NETs formation is required for ETV7-mediated tumor-promoting and chemoresistant phenotypes

To determine whether NETs are functionally involved in ETV7-driven tumor progression, rescue experiments were performed by modulating NETs formation. Degradation of NETs using DNase I, a NETs-degrading enzyme, significantly reduced the enhanced proliferation, invasion, and 5-FU resistance observed in CRC cells with high ETV7 expression in the presence of neutrophils (Fig. 4H–L).

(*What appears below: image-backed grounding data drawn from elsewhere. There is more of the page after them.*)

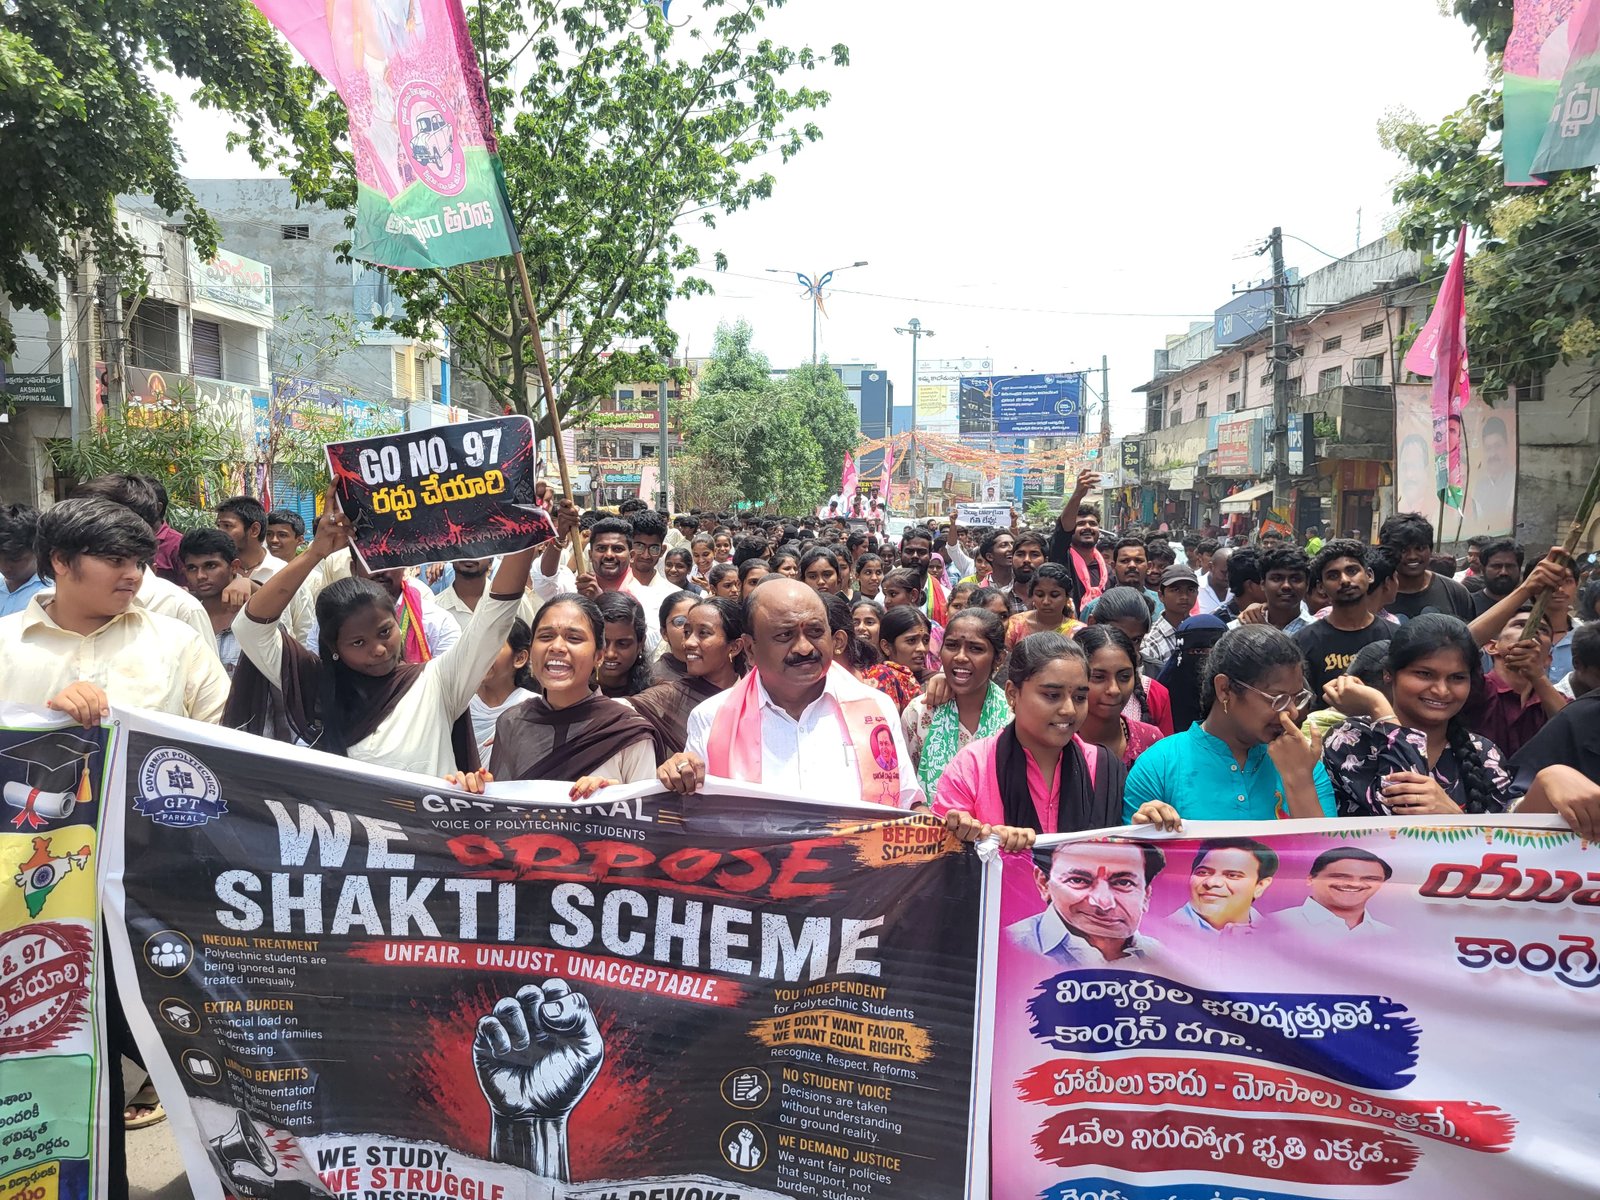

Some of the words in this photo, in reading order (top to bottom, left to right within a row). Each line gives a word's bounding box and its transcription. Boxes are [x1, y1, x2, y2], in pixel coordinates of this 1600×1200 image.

[1223, 314, 1233, 336] SBI
[359, 445, 401, 486] GO
[408, 436, 458, 478] NO.
[463, 427, 503, 468] 97
[372, 484, 417, 522] రద్దు
[420, 469, 506, 506] చేయాలి
[162, 813, 198, 822] PARKAL
[164, 797, 200, 810] GPT
[431, 820, 471, 830] VOICE
[474, 820, 492, 830] OF
[496, 820, 582, 834] POLYTECHNIC
[585, 823, 646, 841] STUDENTS
[264, 799, 416, 871] WE
[446, 833, 847, 899] OPPOSE
[214, 869, 516, 941] SHAKTI
[549, 882, 885, 982] SCHEME
[22, 938, 47, 964] 97
[202, 934, 250, 948] INEQUAL
[252, 938, 319, 952] TREATMENT
[204, 947, 262, 961] Polytechnic
[264, 953, 308, 964] students
[310, 957, 327, 965] are
[204, 961, 235, 973] being
[237, 962, 275, 974] ignored
[277, 966, 296, 976] and
[204, 975, 244, 986] treated
[246, 977, 297, 988] unequally.
[384, 944, 466, 966] UNFAIR.
[476, 948, 560, 973] UNJUST.
[566, 956, 720, 1003] UNACCEPTABLE.
[9, 963, 79, 1005] చేయాలి
[774, 989, 800, 1001] YOU
[803, 981, 887, 1000] INDEPENDENT
[1055, 979, 1194, 1014] విద్యార్థుల
[204, 1001, 242, 1013] EXTRA
[246, 1000, 294, 1012] BURDEN
[257, 1015, 281, 1026] load
[284, 1016, 299, 1026] on
[773, 1004, 790, 1014] for
[793, 995, 859, 1011] Polytechnic
[861, 1001, 915, 1020] Students
[257, 1029, 278, 1041] and
[281, 1028, 323, 1040] families
[773, 1018, 791, 1031] WE
[794, 1014, 829, 1028] DON'T
[832, 1016, 865, 1035] WANT
[867, 1023, 908, 1043] FAVOR,
[1055, 1015, 1167, 1048] కాంగ్రెస్
[1175, 1022, 1263, 1053] దగా..
[772, 1030, 790, 1042] WE
[794, 1028, 828, 1043] WANT
[830, 1032, 866, 1051] EQUAL
[869, 1041, 915, 1059] RIGHTS.
[255, 1066, 309, 1083] BENEFITS
[770, 1048, 824, 1063] Recognize.
[826, 1053, 870, 1072] Respect.
[873, 1062, 919, 1080] Reforms.
[783, 1067, 799, 1081] NO
[802, 1072, 854, 1094] STUDENT
[857, 1083, 892, 1101] VOICE
[271, 1100, 313, 1112] benefits
[782, 1083, 833, 1104] Decisions
[835, 1097, 854, 1108] are
[856, 1100, 888, 1115] taken
[1053, 1065, 1144, 1098] హామీలు
[1147, 1068, 1207, 1098] కాదు
[1233, 1071, 1342, 1109] మోసాలు
[1348, 1096, 1472, 1144] మాత్రమే..
[779, 1114, 798, 1125] our
[800, 1118, 840, 1133] ground
[842, 1126, 880, 1143] reality.
[781, 1099, 820, 1116] without
[823, 1109, 902, 1135] understanding
[317, 1145, 356, 1171] WE
[366, 1145, 452, 1172] STUDY.
[778, 1134, 796, 1149] WE
[800, 1138, 849, 1160] DEMAND
[852, 1151, 901, 1172] JUSTICE
[1058, 1117, 1125, 1148] 4వేల
[1131, 1124, 1246, 1160] నిరుద్యోగ
[1252, 1135, 1307, 1169] భృతి
[1313, 1138, 1398, 1171] ఎక్కడ..
[777, 1164, 800, 1178] that
[803, 1171, 849, 1191] support,
[852, 1182, 872, 1194] not
[778, 1150, 795, 1163] We
[798, 1156, 825, 1170] want
[828, 1160, 846, 1175] fair
[849, 1167, 892, 1185] policies
[319, 1167, 361, 1192] WE
[371, 1167, 505, 1200] STRUGGLE
[776, 1177, 819, 1198] burden,
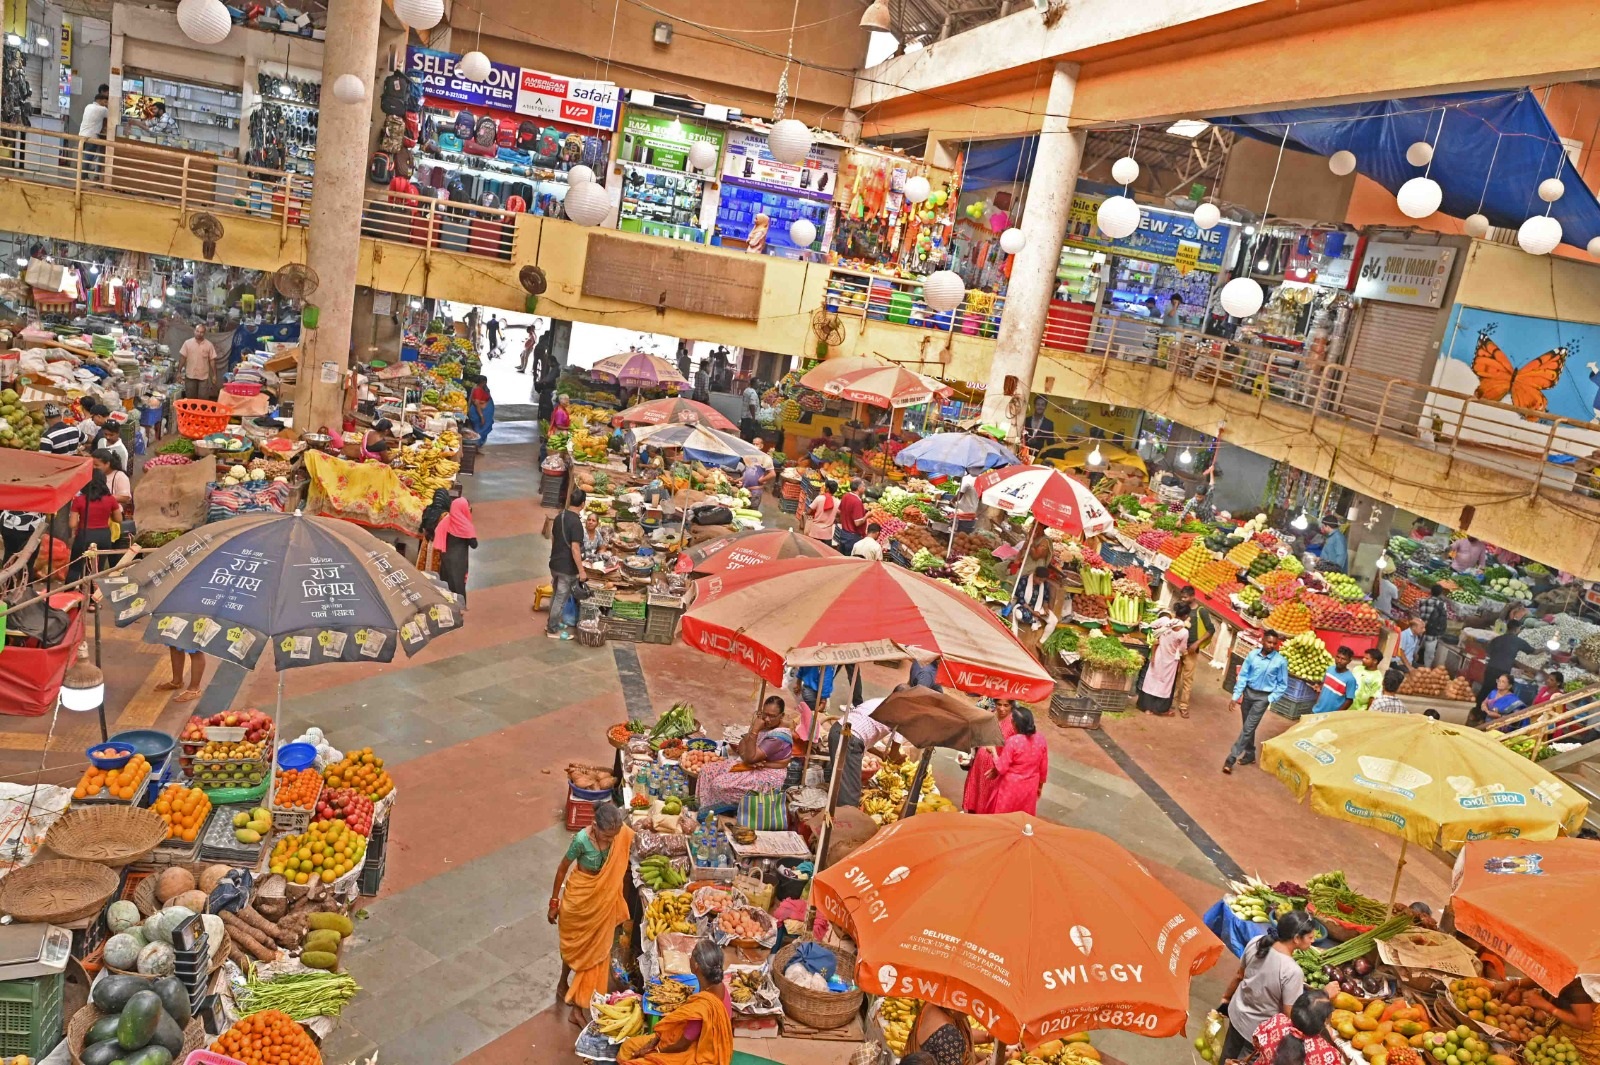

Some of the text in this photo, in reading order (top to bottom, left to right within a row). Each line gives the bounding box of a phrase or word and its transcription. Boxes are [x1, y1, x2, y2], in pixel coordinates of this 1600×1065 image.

[413, 52, 516, 90] SELECON
[422, 74, 514, 100] AG CENTER
[524, 82, 565, 94] TOURISTER
[525, 77, 566, 89] AMERICAN
[573, 88, 612, 104] safari
[565, 105, 588, 117] VIP
[628, 120, 651, 132] RAZA
[688, 133, 718, 145] STORE
[1139, 218, 1221, 244] EW ZONE
[1176, 258, 1195, 266] REPAIR
[1178, 252, 1196, 260] MOBILE
[230, 558, 261, 573] राज
[374, 558, 392, 572] राज
[728, 552, 763, 565] FASHIO
[208, 568, 263, 592] निवास
[309, 567, 340, 580] राज
[302, 580, 355, 597] निवास
[700, 630, 772, 671] INDIRA IVF
[956, 671, 1031, 694] INDIRA IVF
[845, 866, 888, 923] SWIGGY
[923, 929, 1005, 964] DELIVERY JOB IN GOA
[982, 958, 1010, 977] PARTNER
[992, 973, 1011, 987] MONTH
[1043, 964, 1143, 990] SWIGGY
[900, 976, 1000, 1029] SWIGGY

Conversely, pharmacological induction of NETs restored these malignant phenotypes even when ETV7 expression was suppressed (Supplementary Fig. 5A–E). These results demonstrate that NETs formation is a critical downstream event required for the tumor-promoting and chemoresistance-associated effects of ETV7.

ETV7 transcriptionally upregulates CXCL1 expression in colorectal cancer cells

To identify the molecular link between ETV7 and neutrophil activation, transcriptomic analyses were performed, revealing enrichment of Cytokines and Inflammatory Response pathways in tumors with high ETV7 expression (Fig. 5A). Among candidate mediators, CXCL1 was found to be strongly associated with ETV7 expression (Fig. 5B). Experimental validation confirmed that ETV7 positively regulates CXCL1 at both mRNA and protein levels (Fig. 5C, D). Mechanistically, chromatin immunoprecipitation and luciferase reporter assays demonstrated that ETV7 directly binds to the promoter region of CXCL1 and enhances its transcriptional activity (Fig. 5E, F). These findings identify CXCL1 as a downstream target of ETV7 and a potential mediator linking tumor cells to neutrophil responses.

Fig. 5: ETV7 promotes the transcription of CXCL1 in colorectal cancer cells.
Fig. 5: ETV7 promotes the transcription of CXCL1 in colorectal cancer cells.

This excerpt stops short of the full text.